### [The problem]
From the line containing "this 1920×1024 image." to the last line of the data, both included, transcribe each line exactly, leaving out pictures and adding nothing.

Provided records Block Start

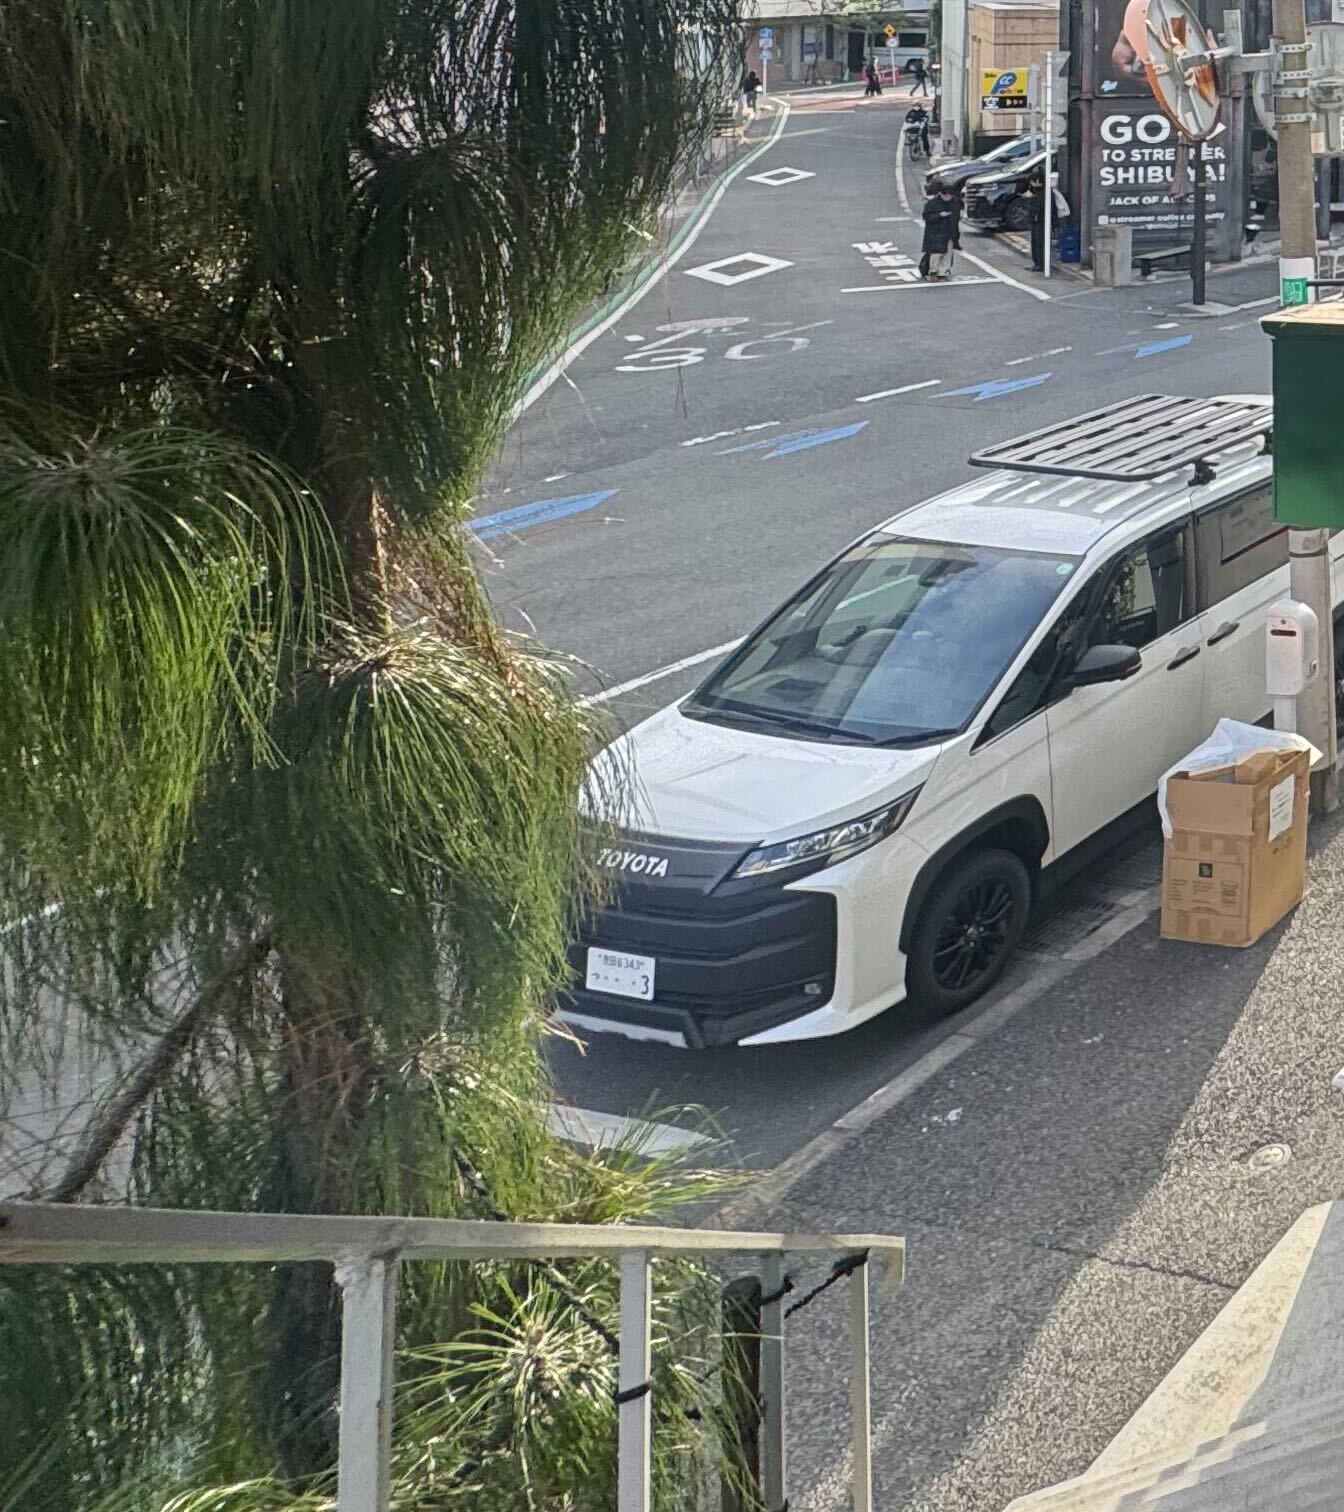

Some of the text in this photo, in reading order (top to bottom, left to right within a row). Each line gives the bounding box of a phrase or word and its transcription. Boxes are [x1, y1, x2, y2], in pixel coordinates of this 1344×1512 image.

[1100, 114, 1171, 145] GO
[1102, 149, 1126, 162] TO
[1110, 196, 1139, 206] JACK
[1142, 195, 1160, 204] OF
[597, 848, 669, 878] TOYOTA
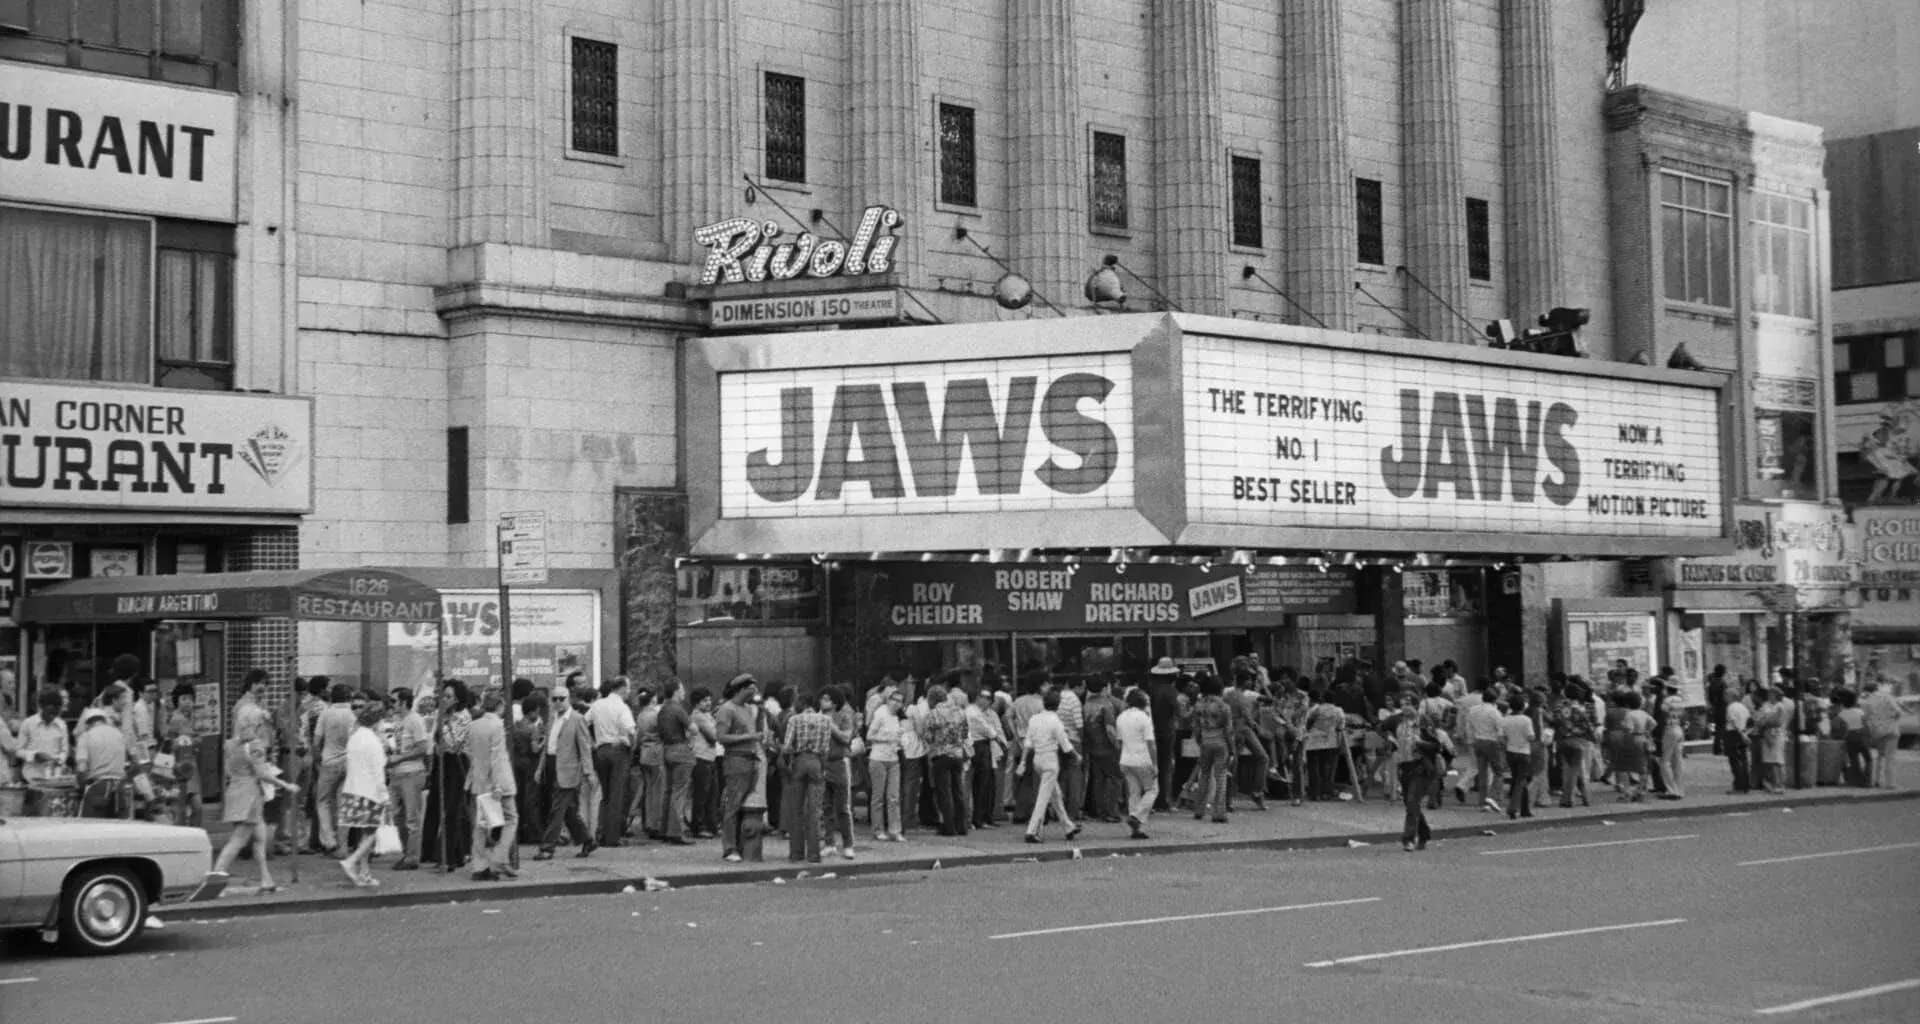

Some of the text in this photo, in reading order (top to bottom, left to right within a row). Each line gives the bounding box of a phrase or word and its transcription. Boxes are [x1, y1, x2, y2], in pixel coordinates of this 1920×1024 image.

[0, 102, 215, 182] URANT
[694, 204, 900, 285] Rivoli
[723, 301, 815, 322] DIMENSION
[821, 297, 850, 317] 150
[854, 298, 893, 310] THEATRE
[1208, 387, 1364, 423] THE TERRIFYING
[56, 400, 186, 436] CORNER
[746, 371, 1119, 503] JAWS
[1618, 422, 1663, 446] NOW A
[1276, 435, 1306, 460] NO.
[1380, 388, 1581, 506] JAWS
[0, 434, 234, 494] URANT
[1603, 458, 1686, 482] TERRIFYING
[1232, 475, 1357, 505] BEST SELLER
[1587, 494, 1707, 519] MOTION PICTURE
[349, 577, 389, 596] 1626
[995, 569, 1073, 590] ROBERT
[1090, 582, 1174, 601] RICHARD
[913, 582, 955, 603] ROY
[1008, 591, 1063, 611] SHAW
[1192, 582, 1238, 611] JAWS
[297, 595, 437, 620] RESTAURANT
[403, 602, 499, 636] WS
[891, 604, 983, 626] CHEIDER
[1085, 603, 1180, 623] DREYFUSS
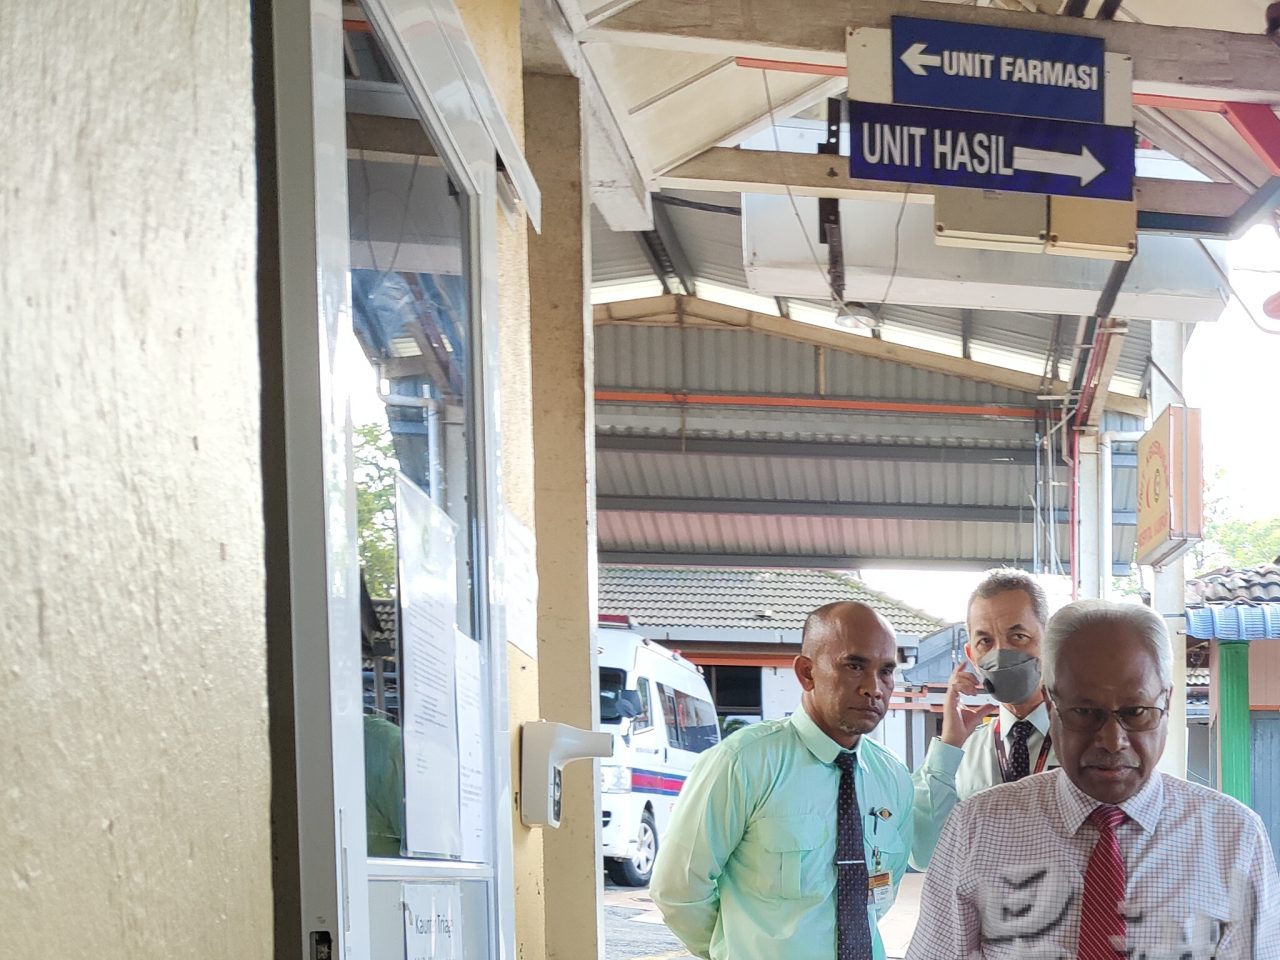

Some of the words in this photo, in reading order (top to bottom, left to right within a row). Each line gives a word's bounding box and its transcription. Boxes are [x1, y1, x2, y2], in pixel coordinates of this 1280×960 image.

[943, 50, 994, 79] UNIT
[1000, 56, 1098, 90] FARMASI
[862, 122, 927, 168] UNIT
[934, 129, 1015, 176] HASIL
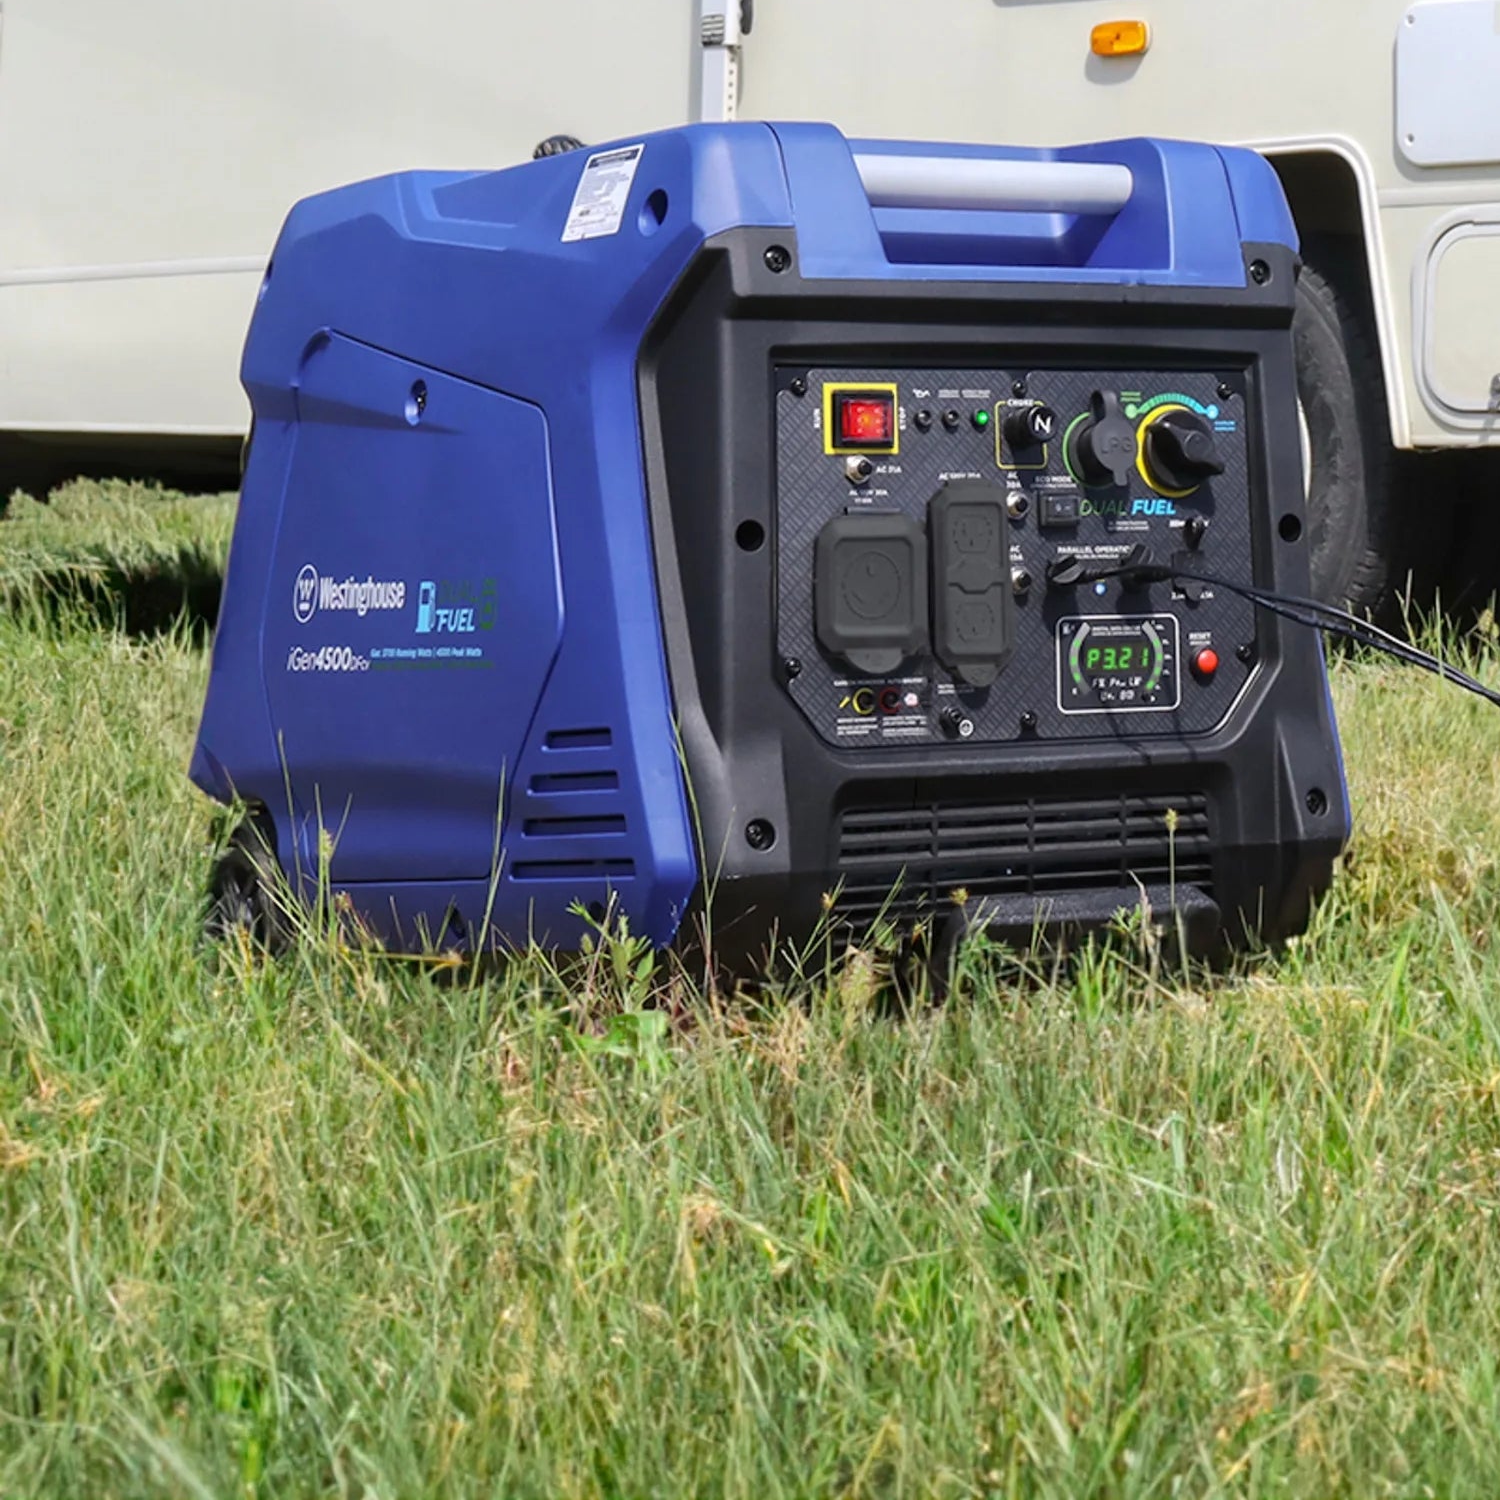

Provided records Block End

### [Answer to this exercise]
Some of the text in this photo, in reading order (top to bottom, left to right within a row). Each line gives the bounding box of a phrase or word and its transcription. Boxes are [x1, y1, x2, y2], in pixel coordinates of this 1920×1024 image.

[0, 102, 215, 182] URANT
[694, 204, 900, 285] Rivoli
[723, 301, 815, 322] DIMENSION
[821, 297, 850, 317] 150
[854, 298, 893, 310] THEATRE
[1208, 387, 1364, 423] THE TERRIFYING
[56, 400, 186, 436] CORNER
[746, 371, 1119, 503] JAWS
[1618, 422, 1663, 446] NOW A
[1276, 435, 1306, 460] NO.
[1380, 388, 1581, 506] JAWS
[0, 434, 234, 494] URANT
[1603, 458, 1686, 482] TERRIFYING
[1232, 475, 1357, 505] BEST SELLER
[1587, 494, 1707, 519] MOTION PICTURE
[349, 577, 389, 596] 1626
[995, 569, 1073, 590] ROBERT
[1090, 582, 1174, 601] RICHARD
[913, 582, 955, 603] ROY
[1008, 591, 1063, 611] SHAW
[1192, 582, 1238, 611] JAWS
[297, 595, 437, 620] RESTAURANT
[403, 602, 499, 636] WS
[891, 604, 983, 626] CHEIDER
[1085, 603, 1180, 623] DREYFUSS

Some of the words in this photo, in reading order (top to bottom, left to right within a row). Each line gives a word's bounding box and its transcription. Boxes are [x1, y1, x2, y2], in pixel coordinates of this 1280×960 image.

[943, 50, 994, 79] UNIT
[1000, 56, 1098, 90] FARMASI
[862, 122, 927, 168] UNIT
[934, 129, 1015, 176] HASIL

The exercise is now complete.